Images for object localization
BEGIN

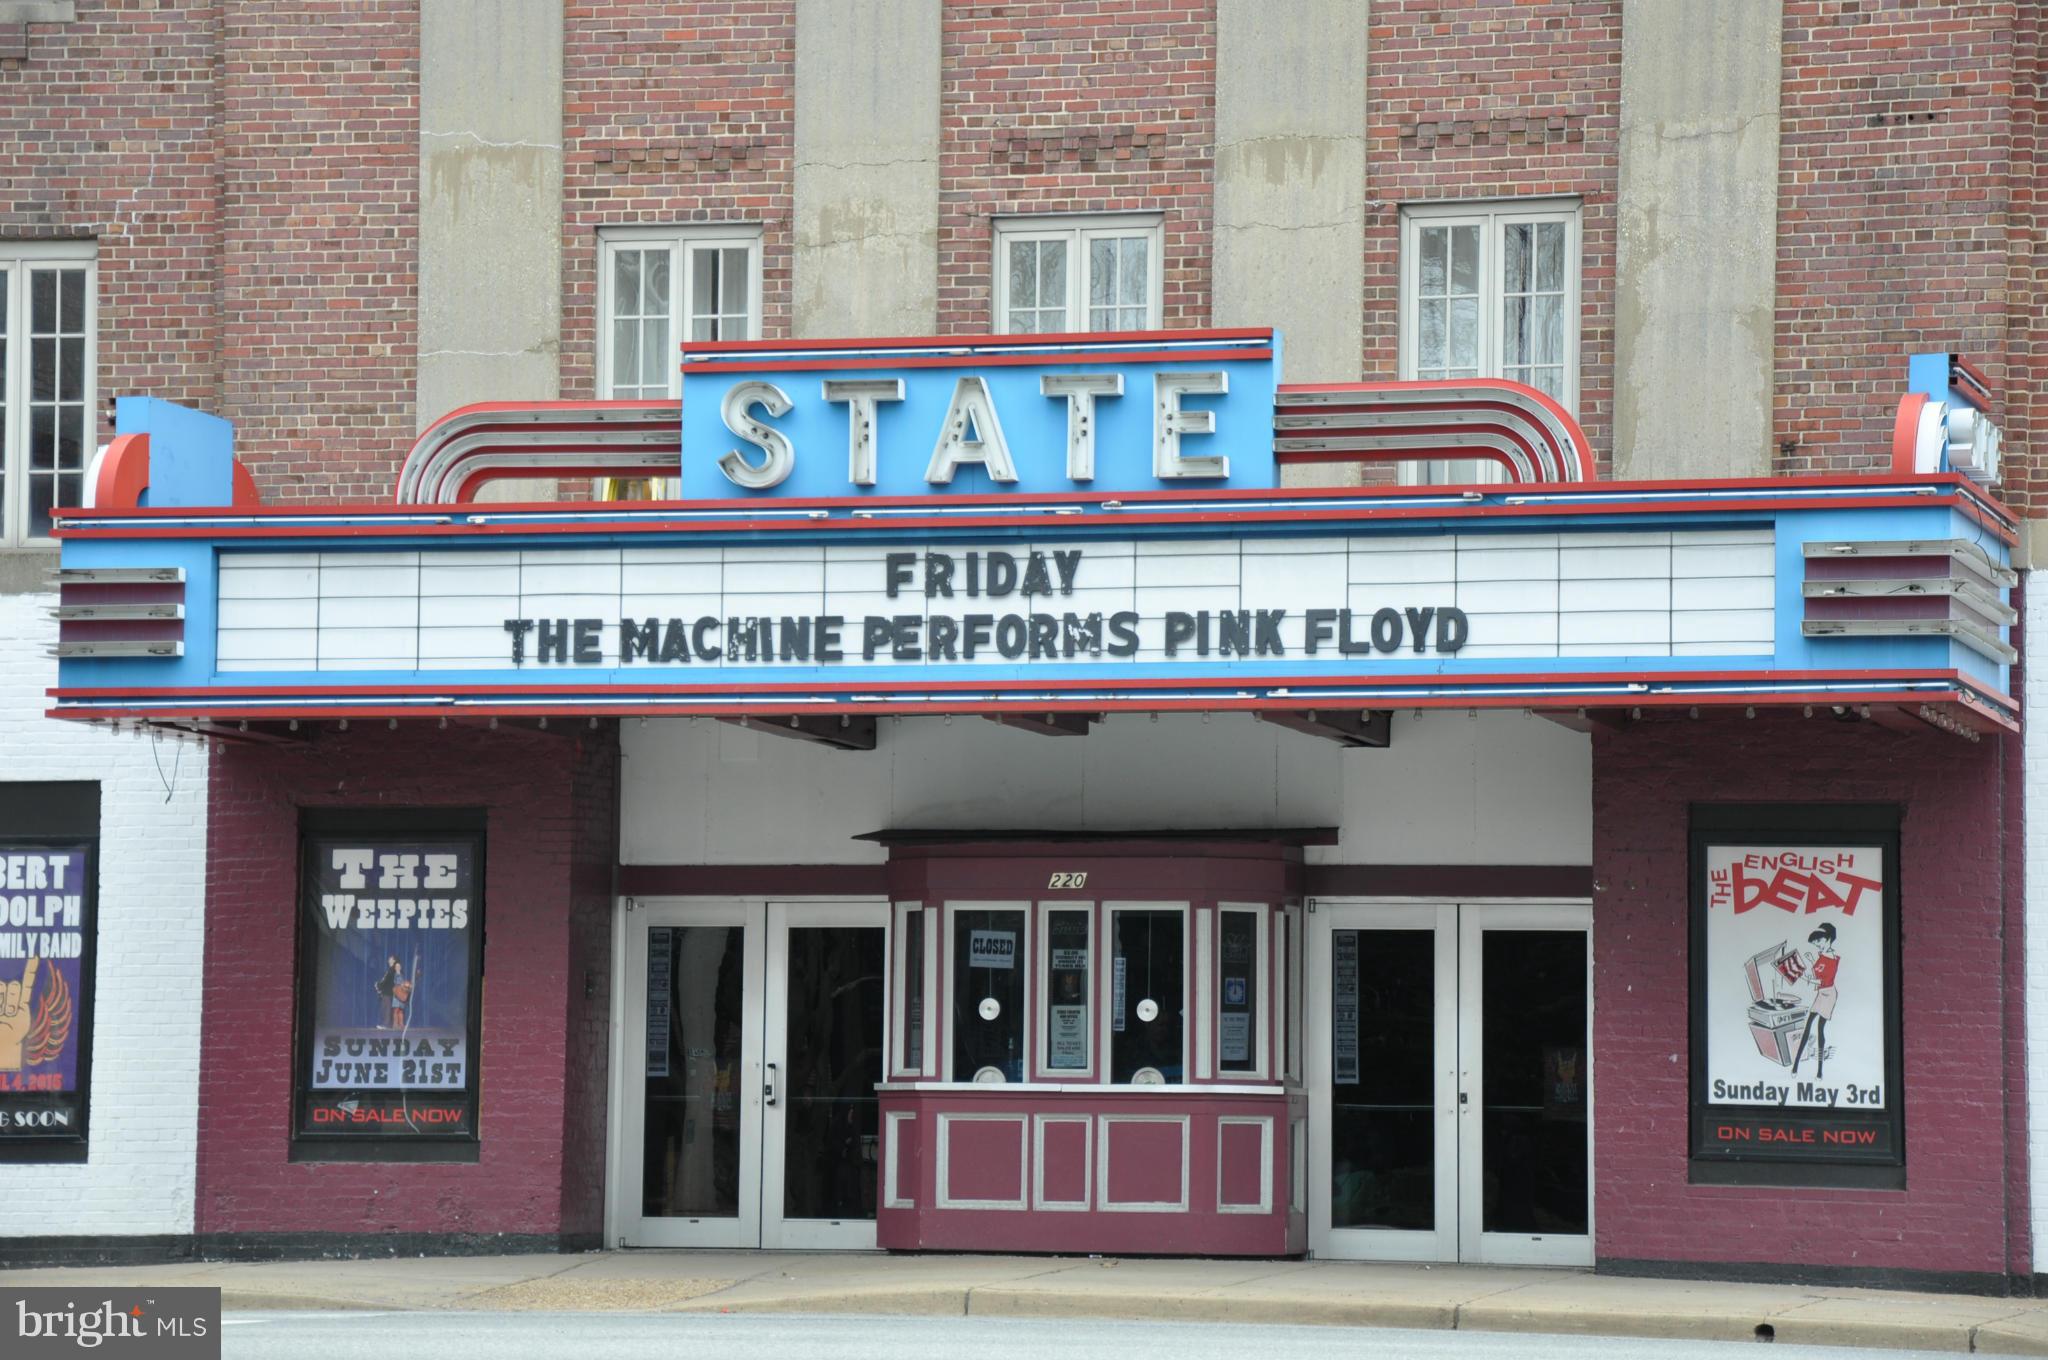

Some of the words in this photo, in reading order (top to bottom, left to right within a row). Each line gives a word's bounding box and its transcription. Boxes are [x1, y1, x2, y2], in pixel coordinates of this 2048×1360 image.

[717, 371, 1230, 488] STATE
[886, 550, 1082, 598] FRIDAY
[504, 618, 602, 663] THE
[620, 616, 844, 663] MACHINE
[862, 611, 1139, 661] PERFORMS
[1164, 609, 1286, 657] PINK
[1304, 607, 1469, 655] FLOYD
[332, 848, 458, 890] THE
[1743, 852, 1855, 875] ENGLISH
[1050, 873, 1085, 888] 220
[1710, 868, 1731, 908] THE
[321, 894, 469, 930] WEEPIES
[40, 932, 82, 958] BAND
[973, 938, 1013, 955] CLOSED
[323, 1036, 460, 1058] SUNDAY
[28, 1073, 63, 1091] 2015
[316, 1059, 389, 1084] JUNE
[402, 1059, 461, 1084] 21ST
[1713, 1079, 1790, 1107] Sunday
[1796, 1083, 1839, 1108] May
[1846, 1083, 1881, 1105] 3rd
[14, 1111, 68, 1127] SOON
[313, 1108, 347, 1123] ON
[351, 1108, 406, 1123] SALE
[412, 1108, 462, 1123] NOW
[1717, 1126, 1750, 1141] ON
[1758, 1128, 1816, 1143] SALE
[1823, 1130, 1876, 1144] NOW

END

◆ ASSIGNED TASK
Please copy the data shown above, line by line and exactly, omitting the images.

◆ OUTPUT OF THE TASK
Some of the words in this photo, in reading order (top to bottom, left to right within a row). Each line gives a word's bounding box and its transcription. Boxes are [x1, y1, x2, y2], in pixel coordinates of this 2048×1360 image.

[717, 371, 1230, 488] STATE
[886, 550, 1082, 598] FRIDAY
[504, 618, 602, 663] THE
[620, 616, 844, 663] MACHINE
[862, 611, 1139, 661] PERFORMS
[1164, 609, 1286, 657] PINK
[1304, 607, 1469, 655] FLOYD
[332, 848, 458, 890] THE
[1743, 852, 1855, 875] ENGLISH
[1050, 873, 1085, 888] 220
[1710, 868, 1731, 908] THE
[321, 894, 469, 930] WEEPIES
[40, 932, 82, 958] BAND
[973, 938, 1013, 955] CLOSED
[323, 1036, 460, 1058] SUNDAY
[28, 1073, 63, 1091] 2015
[316, 1059, 389, 1084] JUNE
[402, 1059, 461, 1084] 21ST
[1713, 1079, 1790, 1107] Sunday
[1796, 1083, 1839, 1108] May
[1846, 1083, 1881, 1105] 3rd
[14, 1111, 68, 1127] SOON
[313, 1108, 347, 1123] ON
[351, 1108, 406, 1123] SALE
[412, 1108, 462, 1123] NOW
[1717, 1126, 1750, 1141] ON
[1758, 1128, 1816, 1143] SALE
[1823, 1130, 1876, 1144] NOW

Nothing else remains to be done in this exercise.